There is a convergence of tracking predictions that places Phobos-Grunt's uncontrolled fall into Earth's atmosphere in the Jan. 15-16 time period.

"That's about what we have as well … but there are uncertainties of several days still," said Holger Krag, deputy head of the European Space Agency's Space Debris Office, at the European Space Operations Center in Darmstadt, Germany.

As for media reports of the disabled spacecraft crashing into any specific place, Krag said, "This is, of course, nonsense. It can come down at any place."

Krag told SPACE.com that because our planet is covered by about 73 percent water, "there is a rather small chance that there would be a land impact."

That being the case, the message from Krag for ground-dwellers is clear-cut.

"Relax," Krag said. "The likelihood of somebody being hit is enormously low. It is way smaller than to be struck by lightning. If you have a thunderstorm above your city you would also not worry too much."

A massive falling spacecraft

When compared with last year's uncontrolled re-entry of NASA's defunct Upper Atmosphere Research Satellite on Sept. 24, followed by the downfall of Germany’s dead Roentgen Satellite (ROSAT) on Oct. 23, Russia's Phobos-Grunt is a special beast.

According to the Federal Space Agency (also known as Roscosmos), the Mars probe is filled with tons of hydrazine and nitrogen tetroxide. All that fuel is stored in the probe's propellant tanks, which are reportedly made of aluminum.

“It's heavy – more than 13 tons is what Roscosmos is reporting. But most of it is fuel.
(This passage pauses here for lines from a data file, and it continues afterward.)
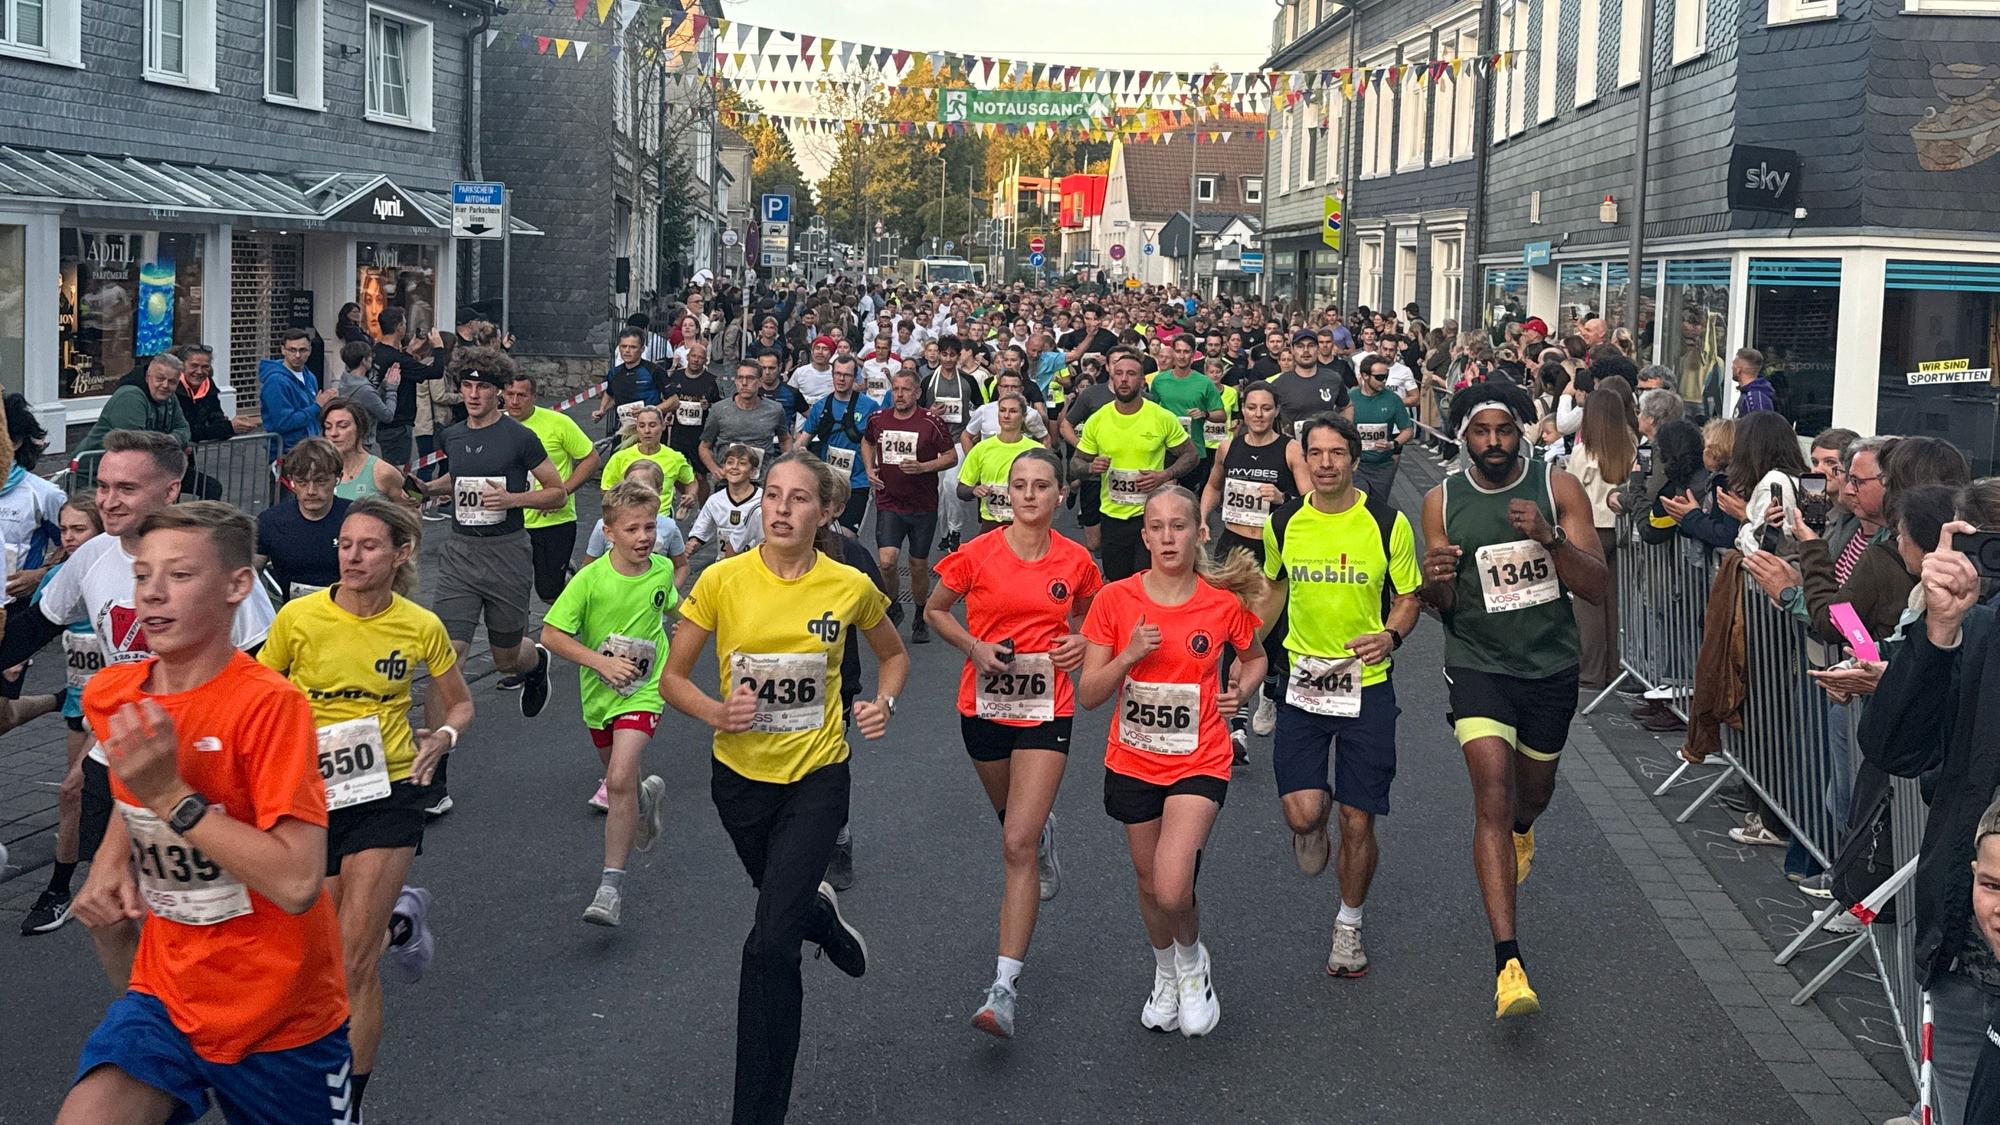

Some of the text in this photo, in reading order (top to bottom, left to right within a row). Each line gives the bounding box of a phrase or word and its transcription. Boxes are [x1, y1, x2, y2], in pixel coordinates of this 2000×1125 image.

[973, 101, 1083, 116] NOTAUSGANG
[1745, 161, 1791, 198] sky
[464, 195, 491, 204] AUTOMAT
[469, 206, 500, 214] Parkschein
[768, 197, 783, 218] P
[92, 271, 128, 281] PARFÜMERIE
[1922, 361, 1967, 371] WIR SIND
[1910, 371, 1988, 384] SPORTWETTEN
[679, 407, 700, 418] 2150
[1361, 431, 1385, 441] 2509
[885, 441, 913, 453] 2184
[1228, 468, 1278, 479] HYVIBES
[1112, 480, 1141, 492] 233
[1227, 492, 1263, 511] 2591
[1292, 565, 1369, 584] Mobile
[1487, 558, 1548, 587] 1345
[1490, 593, 1520, 603] VOSS
[807, 611, 841, 642] afg
[67, 648, 106, 670] 208
[375, 650, 407, 680] afg
[985, 673, 1046, 695] 2376
[1296, 669, 1353, 693] 2404
[982, 702, 1012, 711] VOSS
[1292, 693, 1320, 706] VOSS
[1126, 700, 1190, 728] 2556
[1124, 728, 1152, 743] VOSS
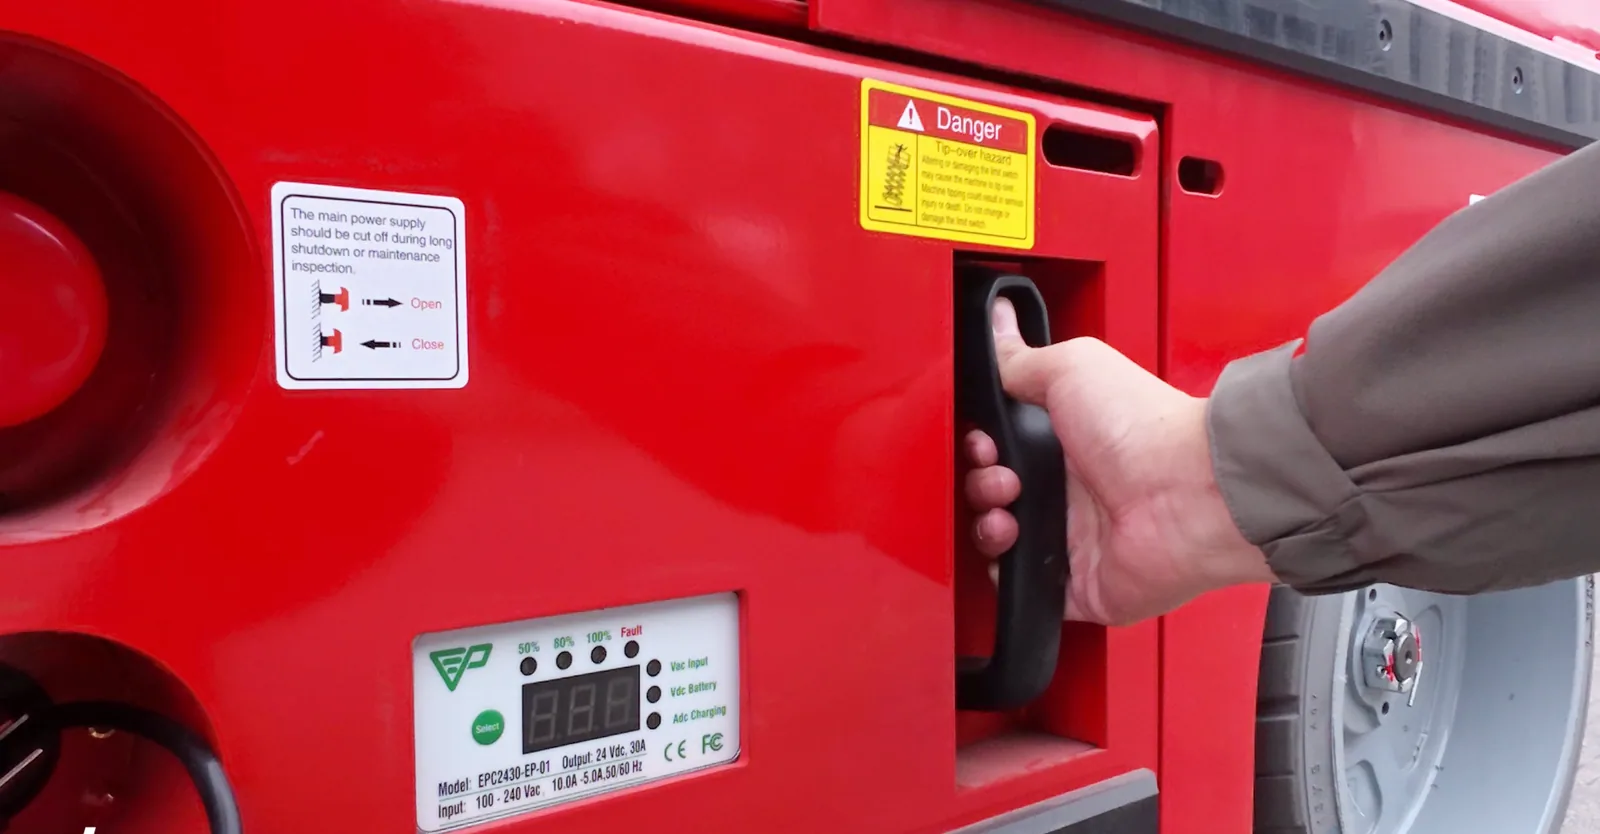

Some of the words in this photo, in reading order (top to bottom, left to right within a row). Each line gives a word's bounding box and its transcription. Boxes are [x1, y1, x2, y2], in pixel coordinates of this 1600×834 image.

[937, 107, 1002, 142] Danger
[936, 141, 978, 159] Tip-over
[980, 149, 1011, 165] hazard
[291, 207, 314, 220] The
[318, 211, 347, 222] main
[351, 214, 387, 226] power
[390, 218, 426, 231] supply
[291, 227, 331, 239] should
[335, 228, 350, 239] be
[353, 231, 371, 241] cut
[374, 232, 388, 242] off
[392, 233, 426, 247] during
[429, 235, 452, 249] long
[291, 243, 350, 256] shutdown
[353, 248, 365, 257] or
[368, 248, 440, 262] maintenance
[292, 260, 356, 275] inspection.
[411, 297, 442, 310] Open
[412, 339, 444, 350] Close
[518, 641, 540, 654] 50%
[554, 636, 574, 649] 80%
[586, 630, 612, 643] 100%
[621, 625, 642, 637] Fault
[671, 660, 685, 672] Vac
[688, 657, 708, 669] Input
[671, 686, 686, 697] Vdc
[688, 681, 717, 693] Battery
[673, 712, 688, 724] Adc
[691, 705, 726, 720] Charging
[476, 722, 499, 734] Select
[438, 778, 471, 797] Model:
[478, 760, 550, 788] EPC2430-EP-01
[562, 752, 593, 769] Output:
[596, 748, 607, 762] 24
[630, 739, 646, 754] 30A
[438, 802, 466, 820] Input:
[476, 794, 494, 810] 100
[504, 790, 521, 804] 240
[552, 777, 578, 791] 10.0A
[632, 760, 643, 773] Hz
This is a major difference between UARS and ROSAT. They were Earth-bound spacecraft and they had their fuel more or less spent," Krag said. [6 Biggest Spacecraft to Fall Uncontrolled From Space]

It is not clear whether or not the huge quantity of fuel onboard the marooned Mars craft is in frozen or liquid form.

"It depends on how the tanks are built … how much volume the tanks have. This is very hard to say," Krag noted. The expectation is that the onboard propellant will be released and burn up at high altitude as the craft’s fuel tanks break apart during re-entry, he said.